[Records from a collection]
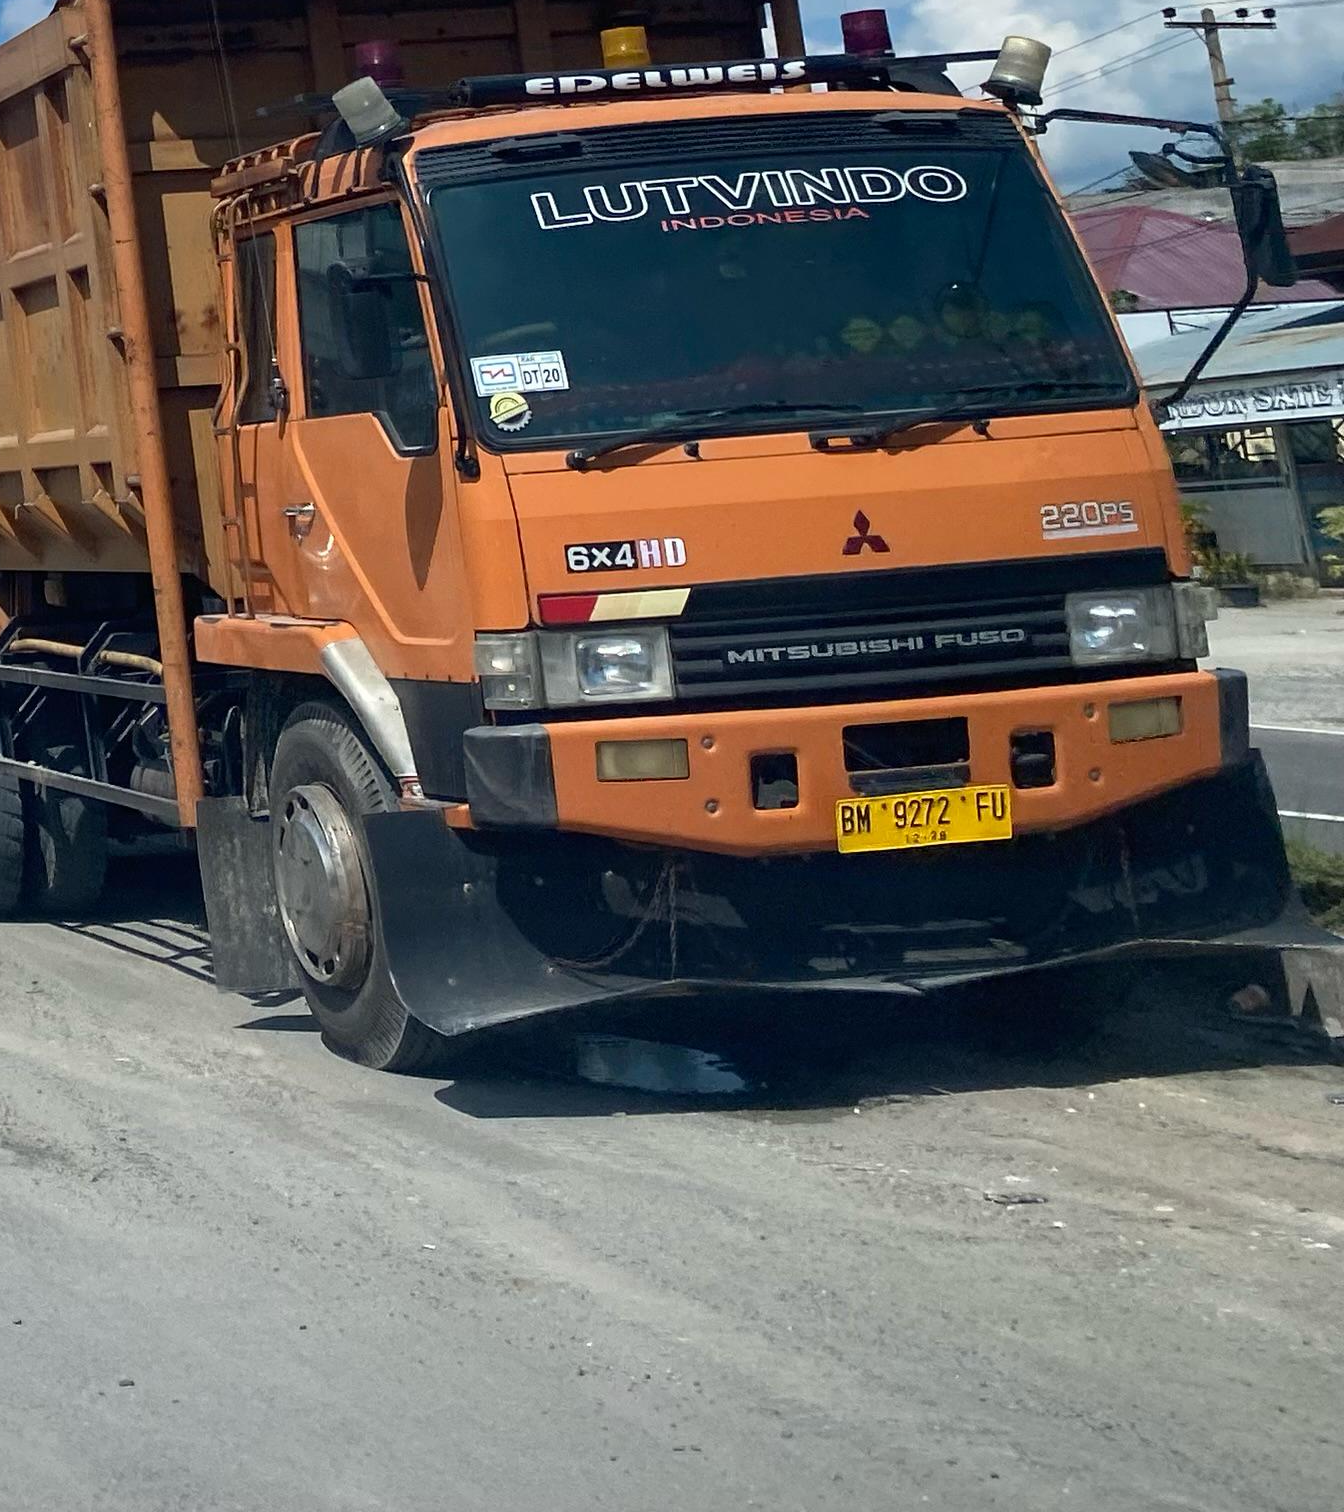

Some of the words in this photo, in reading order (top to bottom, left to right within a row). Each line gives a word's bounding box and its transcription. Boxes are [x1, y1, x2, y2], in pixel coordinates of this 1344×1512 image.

[525, 61, 806, 95] EDELWEIS
[530, 166, 968, 230] LUTVINDO
[661, 207, 870, 232] INDONESIA
[523, 370, 539, 385] DT
[543, 368, 561, 383] 20
[1252, 381, 1333, 412] SATE
[1039, 501, 1135, 530] 220PS
[727, 636, 924, 665] MITSUBISHI
[934, 628, 1026, 650] FUSO
[841, 804, 871, 834] BM
[894, 796, 951, 829] 9272
[976, 791, 1005, 821] FU
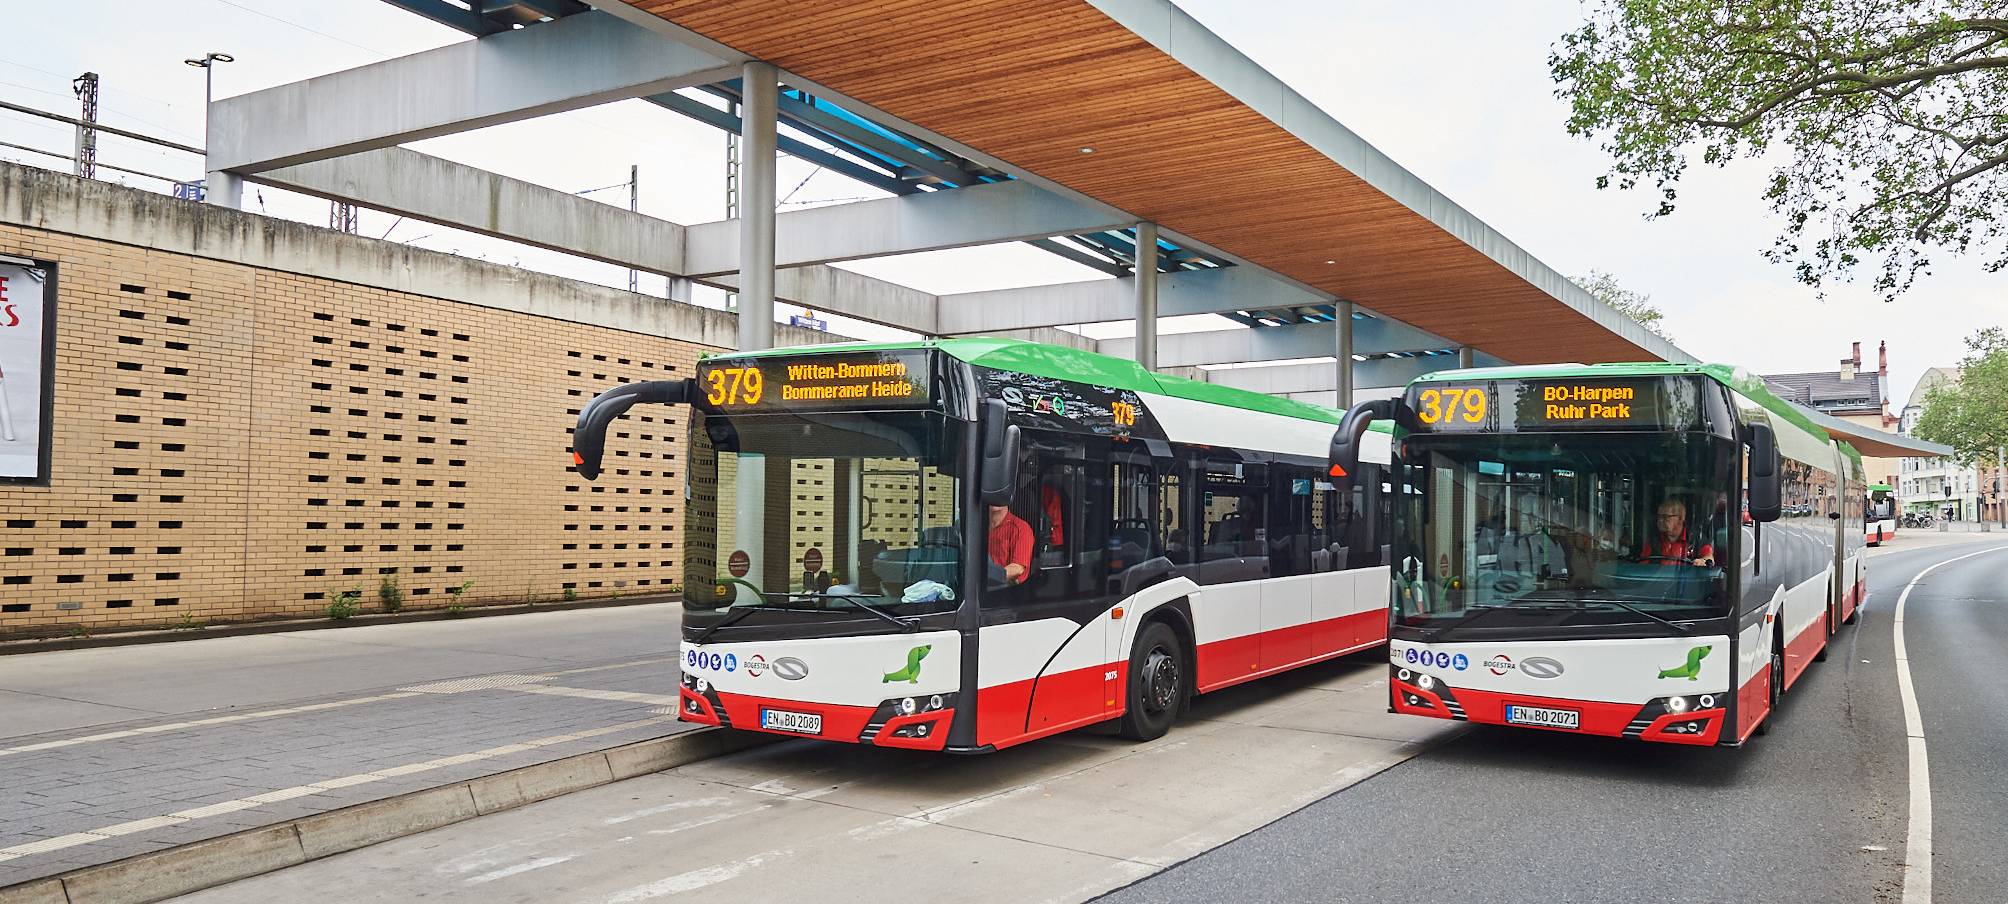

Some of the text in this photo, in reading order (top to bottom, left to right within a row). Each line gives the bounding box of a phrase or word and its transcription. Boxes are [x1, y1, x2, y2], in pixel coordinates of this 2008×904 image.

[174, 184, 182, 199] 2
[788, 362, 906, 381] Witten-Bommern
[707, 367, 763, 406] 379
[782, 380, 912, 401] Bommeraner Heide
[1544, 385, 1633, 403] BO-Harpen
[1111, 401, 1135, 426] 379
[1419, 388, 1486, 424] 379
[1546, 403, 1630, 420] Ruhr Park
[744, 661, 770, 670] BOGESTRA
[1483, 660, 1516, 670] BOGESTRA
[768, 711, 779, 725] EN
[784, 713, 796, 727] BO
[797, 715, 820, 730] 2089
[1513, 707, 1527, 720] EN
[1535, 709, 1548, 722] BO
[1550, 711, 1577, 725] 2071

WHAT IS REQUIRED – Leaving out the pictures, output each line above exactly as it is.

RESULT OF THIS EXERCISE –
Some of the words in this photo, in reading order (top to bottom, left to right within a row). Each line gives a word's bounding box and its transcription. Boxes are [x1, y1, x2, y2], in pixel coordinates of this 1344×1512 image.

[525, 61, 806, 95] EDELWEIS
[530, 166, 968, 230] LUTVINDO
[661, 207, 870, 232] INDONESIA
[523, 370, 539, 385] DT
[543, 368, 561, 383] 20
[1252, 381, 1333, 412] SATE
[1039, 501, 1135, 530] 220PS
[727, 636, 924, 665] MITSUBISHI
[934, 628, 1026, 650] FUSO
[841, 804, 871, 834] BM
[894, 796, 951, 829] 9272
[976, 791, 1005, 821] FU

Some of the text in this photo, in reading order (top to bottom, left to right within a row). Each line gives the bounding box of a phrase or word and its transcription. Boxes are [x1, y1, x2, y2], in pixel coordinates of this 2008×904 image.

[174, 184, 182, 199] 2
[788, 362, 906, 381] Witten-Bommern
[707, 367, 763, 406] 379
[782, 380, 912, 401] Bommeraner Heide
[1544, 385, 1633, 403] BO-Harpen
[1111, 401, 1135, 426] 379
[1419, 388, 1486, 424] 379
[1546, 403, 1630, 420] Ruhr Park
[744, 661, 770, 670] BOGESTRA
[1483, 660, 1516, 670] BOGESTRA
[768, 711, 779, 725] EN
[784, 713, 796, 727] BO
[797, 715, 820, 730] 2089
[1513, 707, 1527, 720] EN
[1535, 709, 1548, 722] BO
[1550, 711, 1577, 725] 2071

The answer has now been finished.